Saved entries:
========================
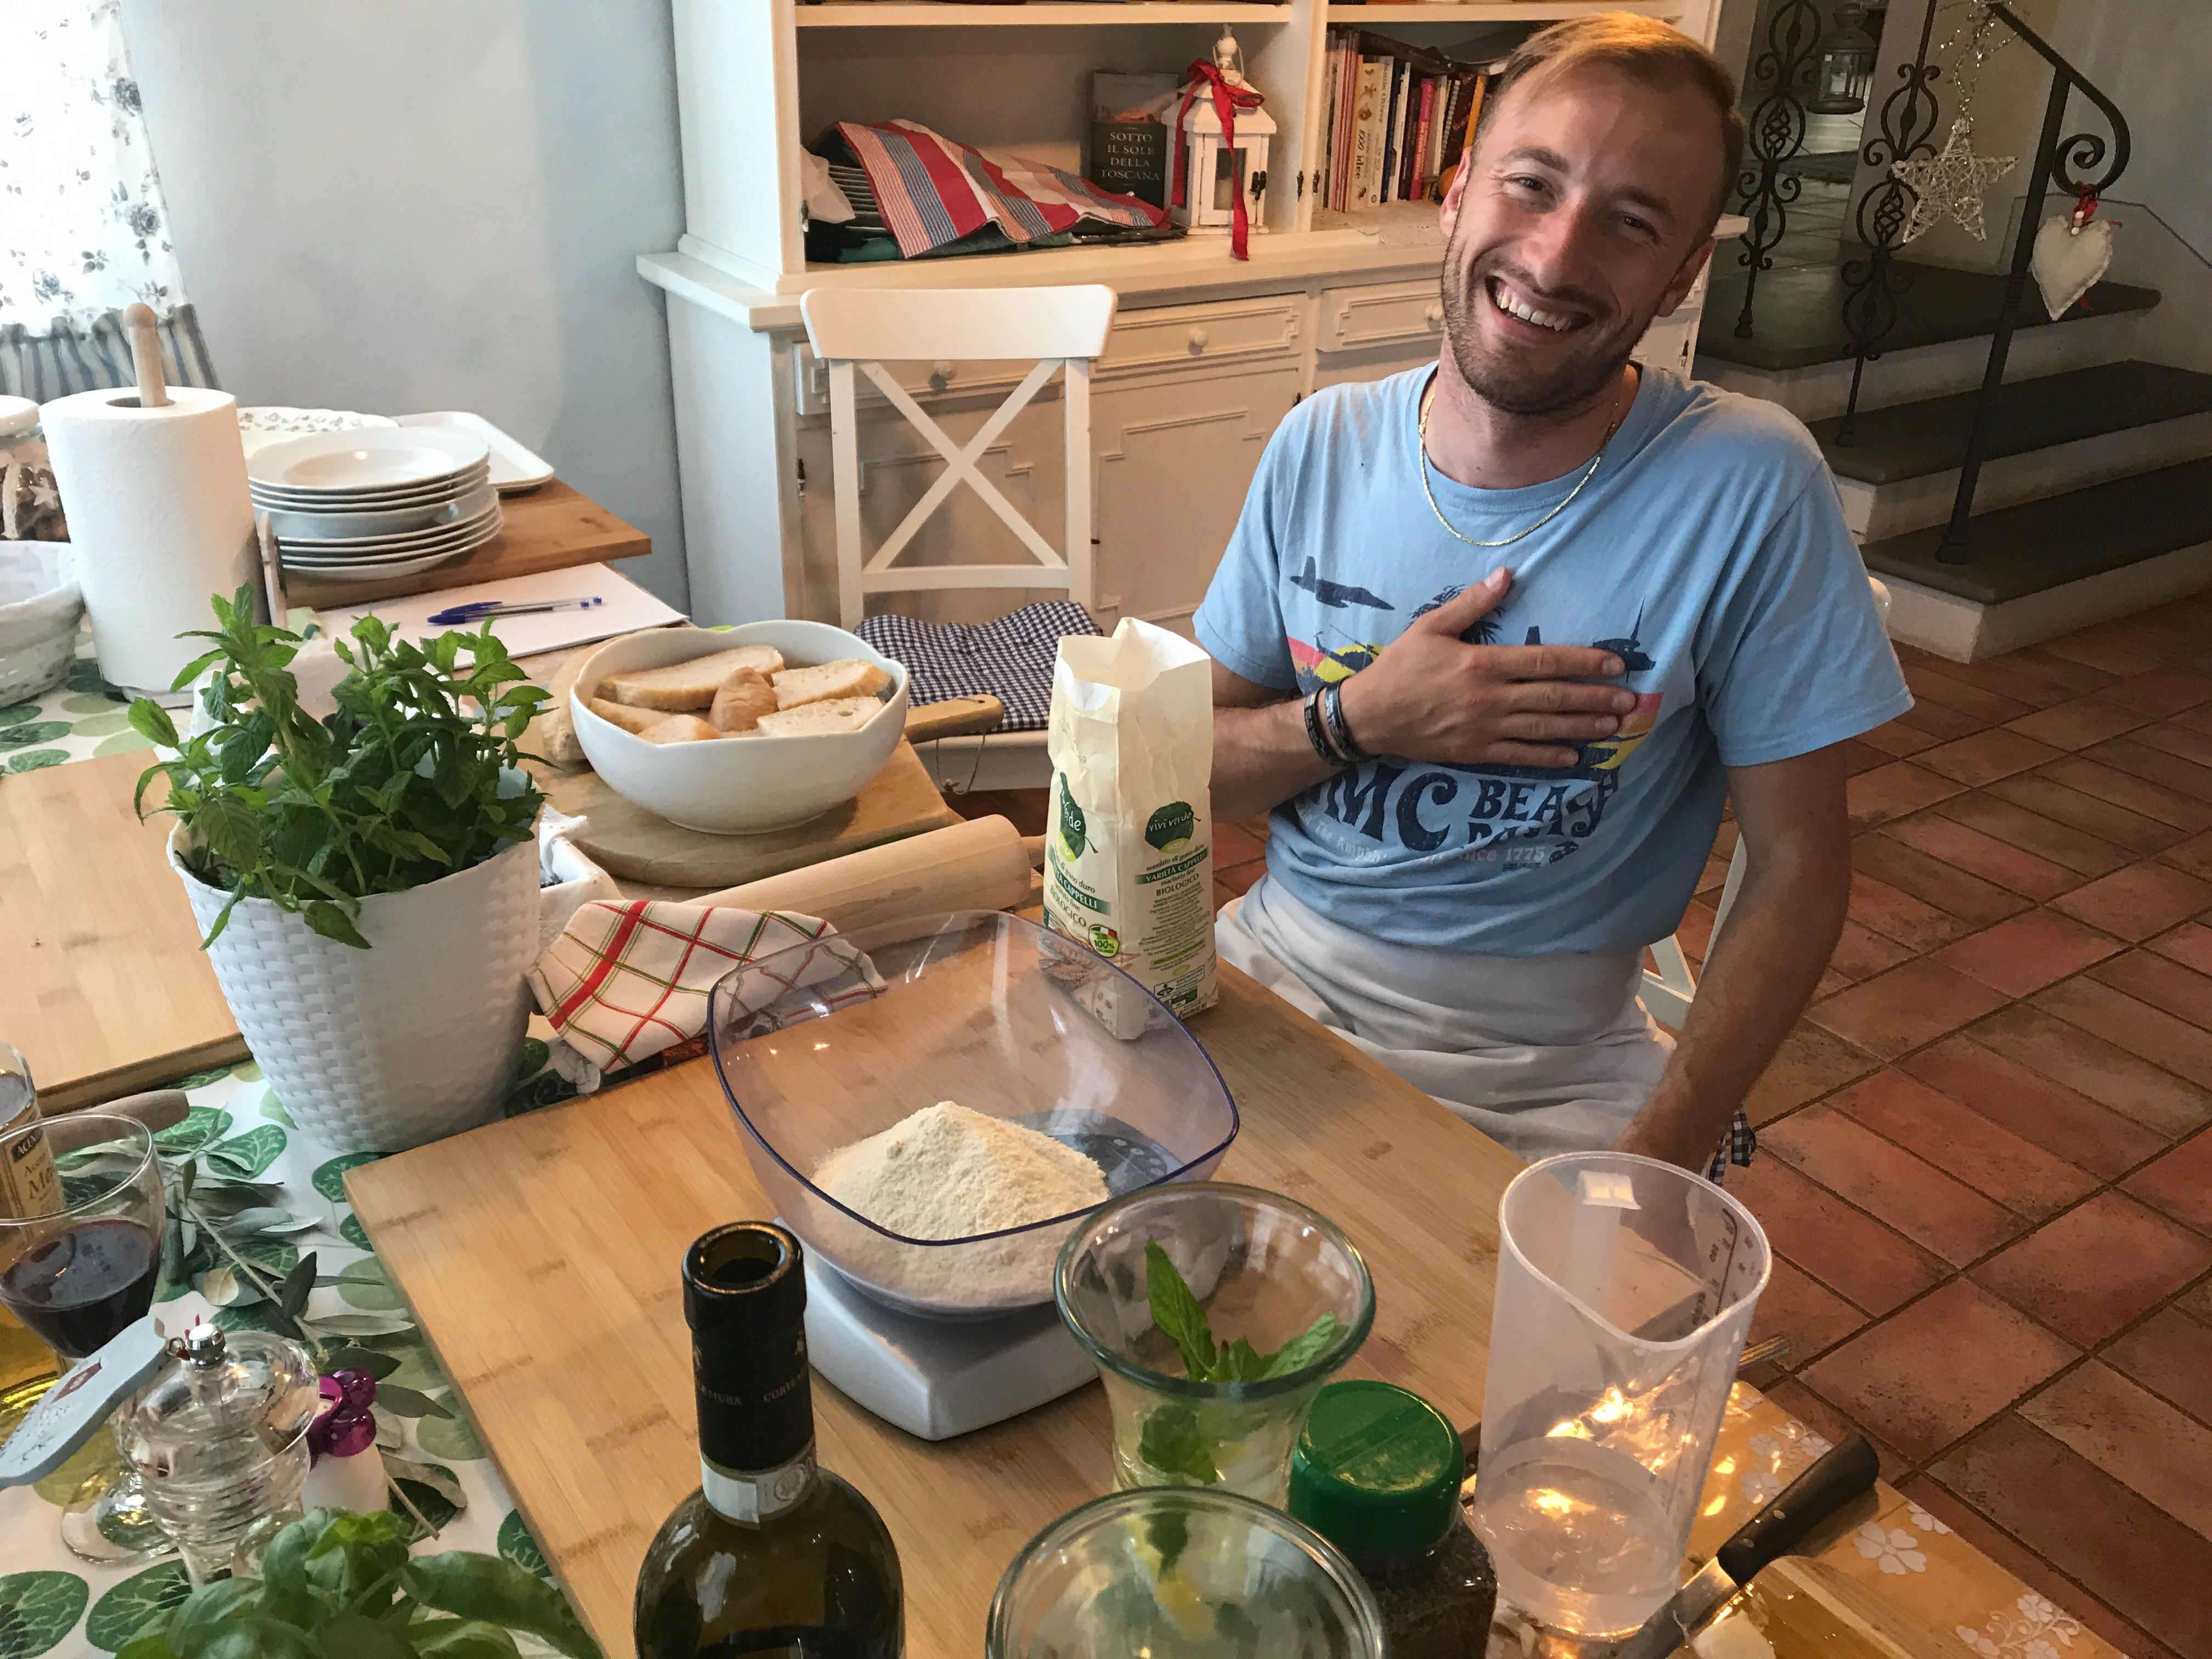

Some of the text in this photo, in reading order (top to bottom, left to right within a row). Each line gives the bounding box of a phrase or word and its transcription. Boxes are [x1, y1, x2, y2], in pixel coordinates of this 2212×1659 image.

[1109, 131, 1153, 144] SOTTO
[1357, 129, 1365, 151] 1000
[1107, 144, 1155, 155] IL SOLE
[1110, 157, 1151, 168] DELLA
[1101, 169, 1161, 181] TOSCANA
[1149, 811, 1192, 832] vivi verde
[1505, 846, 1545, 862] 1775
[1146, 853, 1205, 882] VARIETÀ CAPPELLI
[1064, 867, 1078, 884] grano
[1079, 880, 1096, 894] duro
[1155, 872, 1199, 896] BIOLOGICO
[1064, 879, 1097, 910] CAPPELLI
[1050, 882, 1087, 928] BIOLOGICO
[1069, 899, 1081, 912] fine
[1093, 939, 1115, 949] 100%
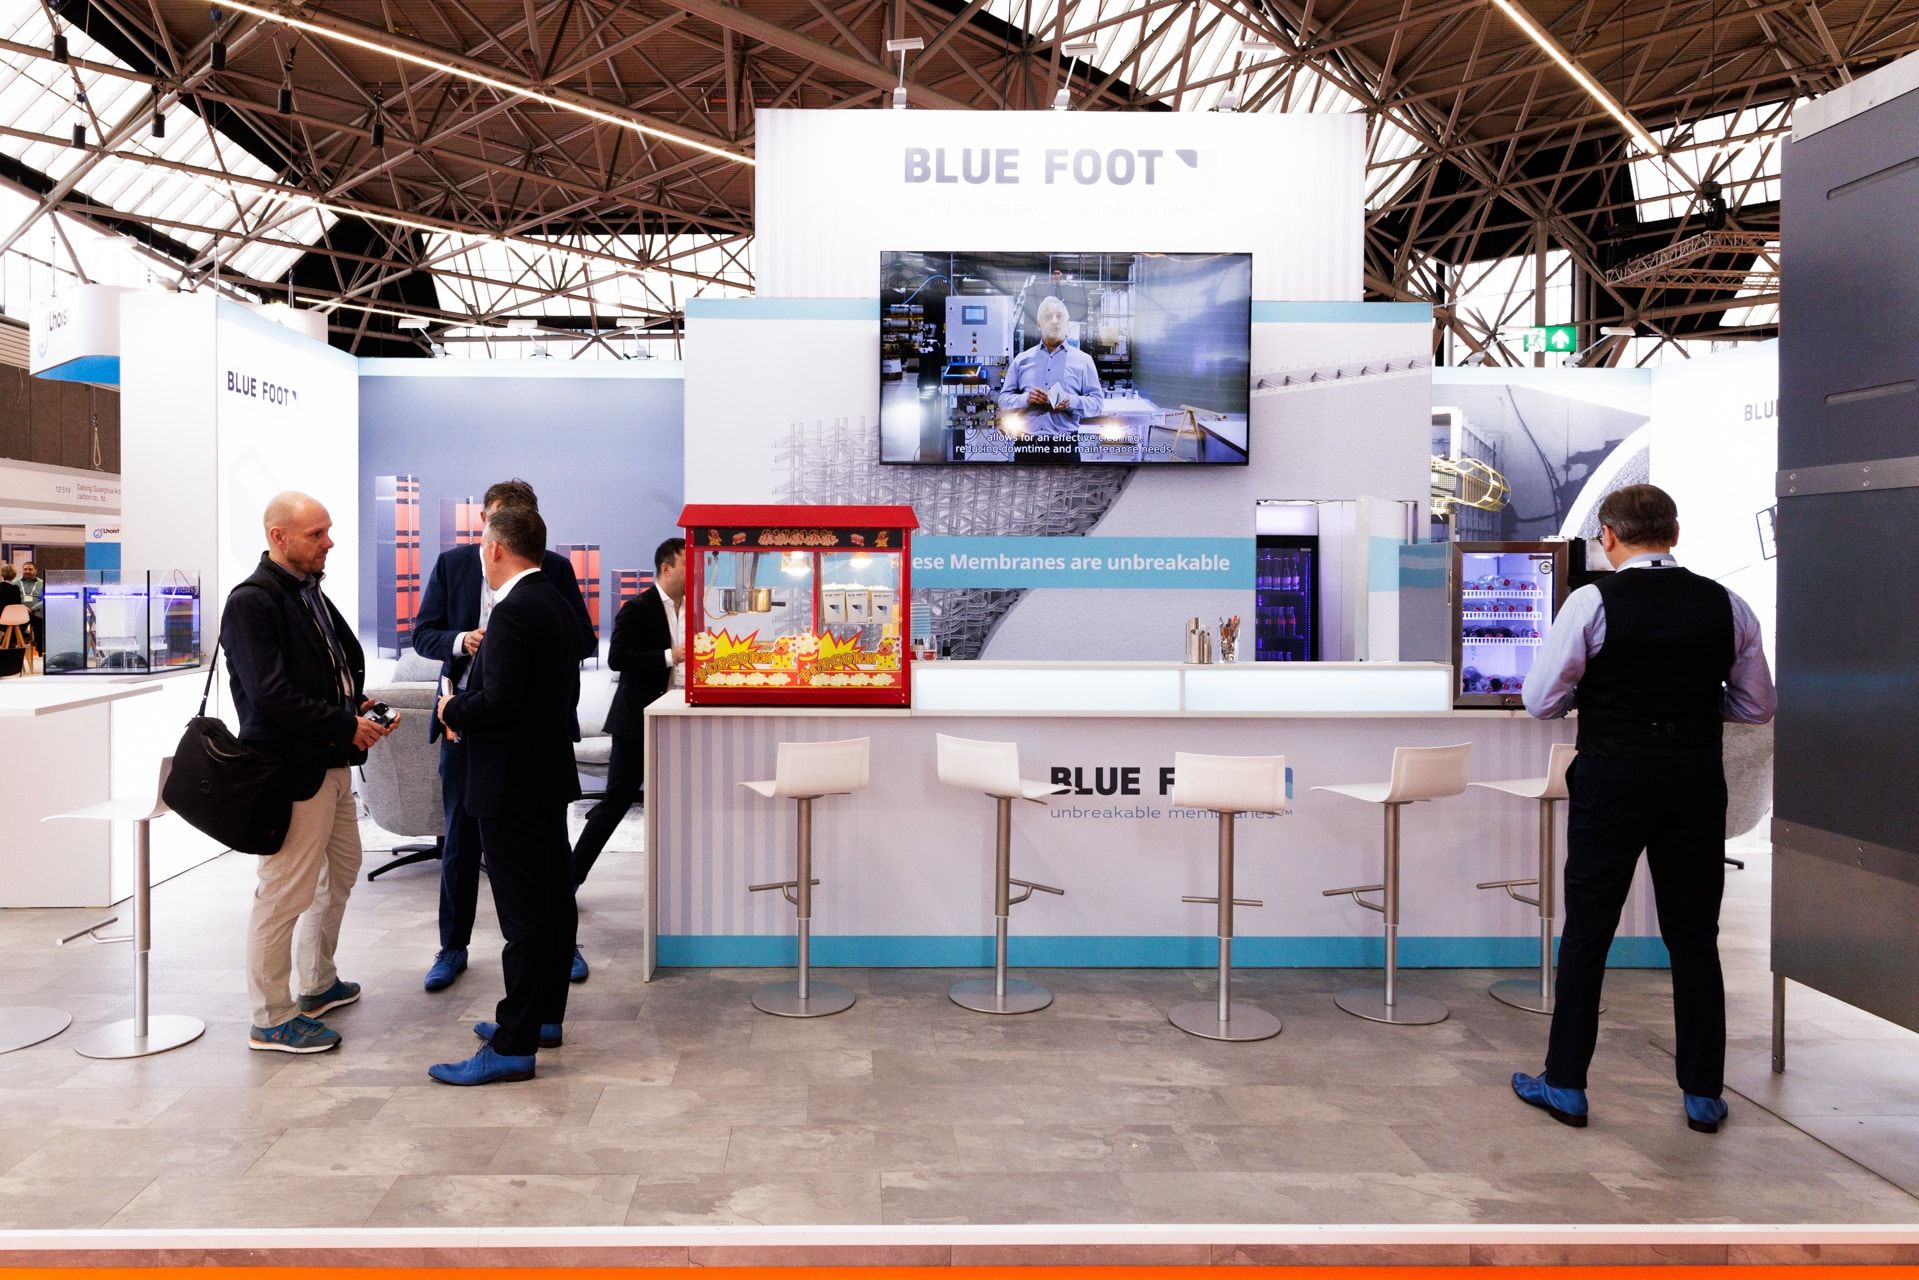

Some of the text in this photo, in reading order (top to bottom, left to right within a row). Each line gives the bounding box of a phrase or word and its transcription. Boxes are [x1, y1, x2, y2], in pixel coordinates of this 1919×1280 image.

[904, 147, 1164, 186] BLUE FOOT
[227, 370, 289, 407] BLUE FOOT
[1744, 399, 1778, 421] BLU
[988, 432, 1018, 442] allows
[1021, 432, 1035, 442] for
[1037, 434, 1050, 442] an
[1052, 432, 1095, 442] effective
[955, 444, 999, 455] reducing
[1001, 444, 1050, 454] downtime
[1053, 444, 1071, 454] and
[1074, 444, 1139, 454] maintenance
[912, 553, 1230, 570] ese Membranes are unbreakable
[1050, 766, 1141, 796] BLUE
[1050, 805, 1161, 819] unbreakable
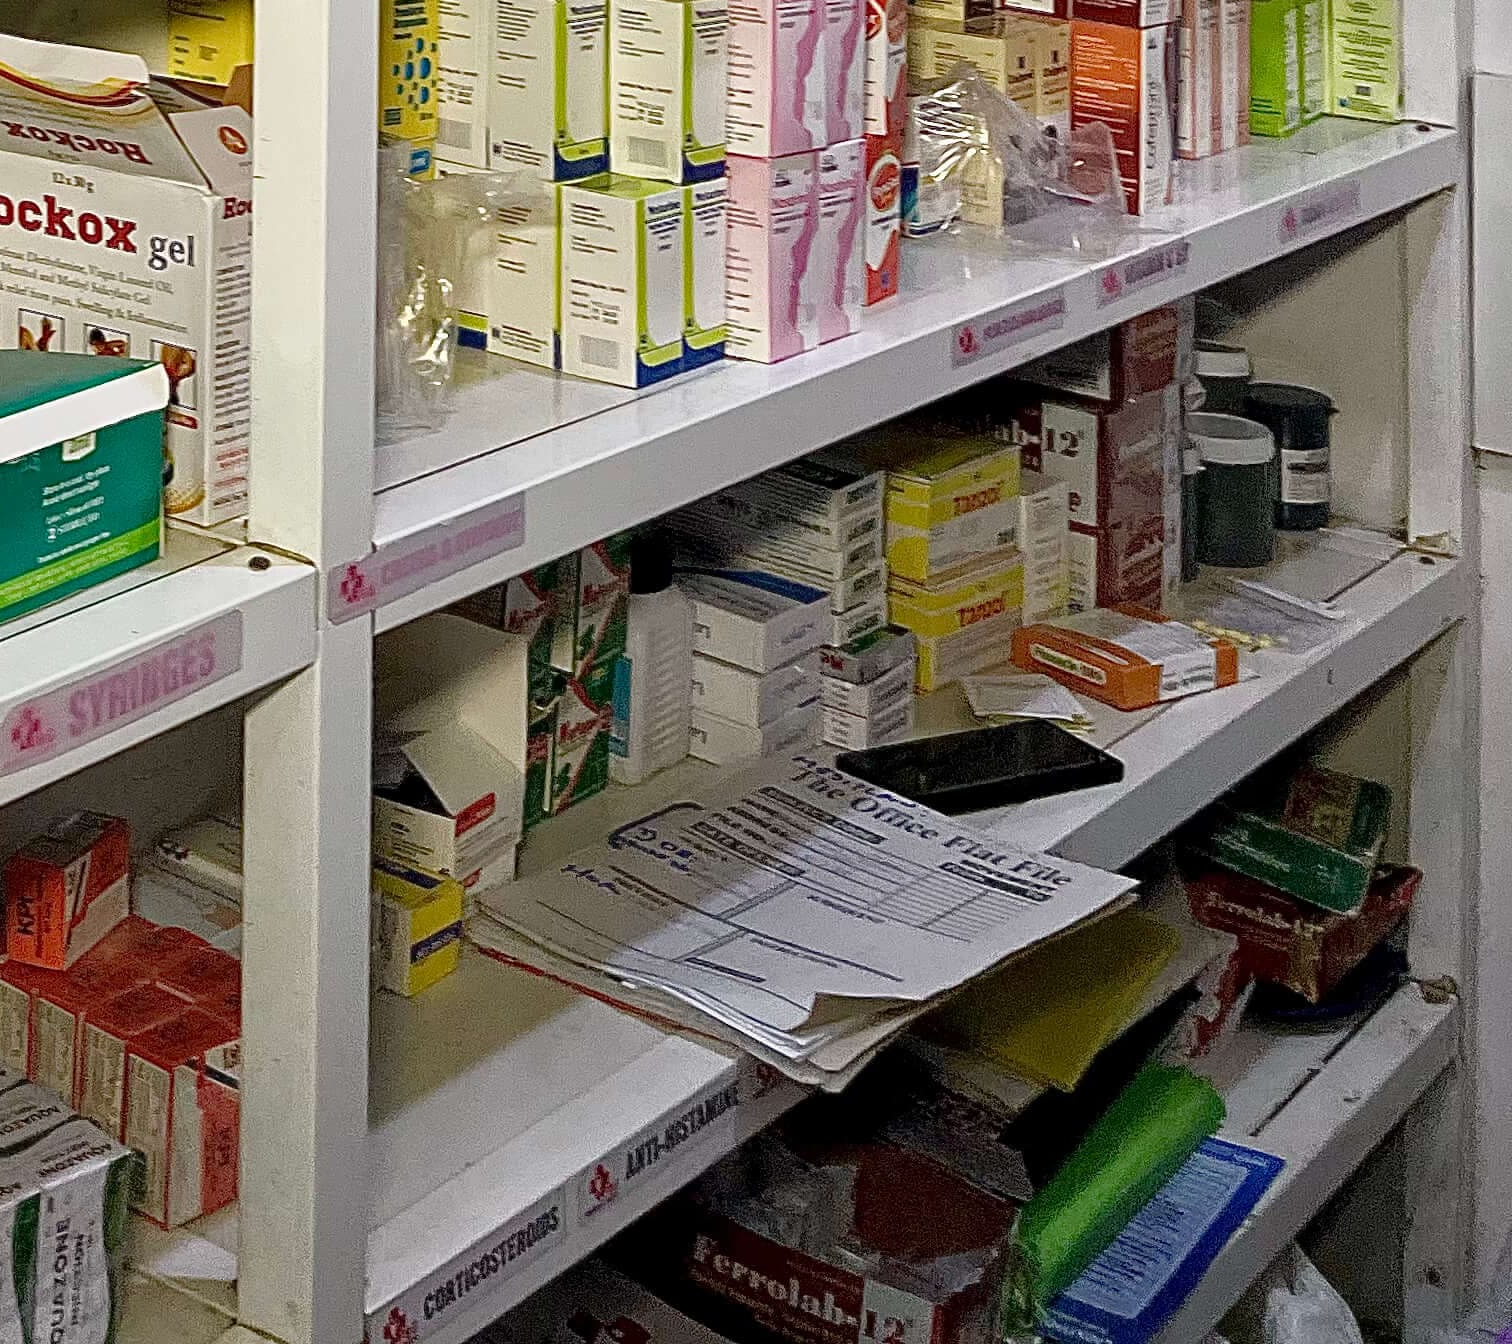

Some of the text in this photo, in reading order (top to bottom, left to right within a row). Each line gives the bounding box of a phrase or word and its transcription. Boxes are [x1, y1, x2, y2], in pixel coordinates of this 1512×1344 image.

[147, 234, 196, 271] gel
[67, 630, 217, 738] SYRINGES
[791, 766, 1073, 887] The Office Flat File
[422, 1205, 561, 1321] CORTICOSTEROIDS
========================
● **What is required**:
Each line from the one holding "this 1512×1344 image." to the end of the data above goes into the answer exactly as written, and no other line does.

● **Exercise output**:
Some of the text in this photo, in reading order (top to bottom, left to right within a row). Each line gives the bounding box of a phrase or word and its transcription. Boxes are [x1, y1, x2, y2], in pixel coordinates of this 1512×1344 image.

[147, 234, 196, 271] gel
[67, 630, 217, 738] SYRINGES
[791, 766, 1073, 887] The Office Flat File
[422, 1205, 561, 1321] CORTICOSTEROIDS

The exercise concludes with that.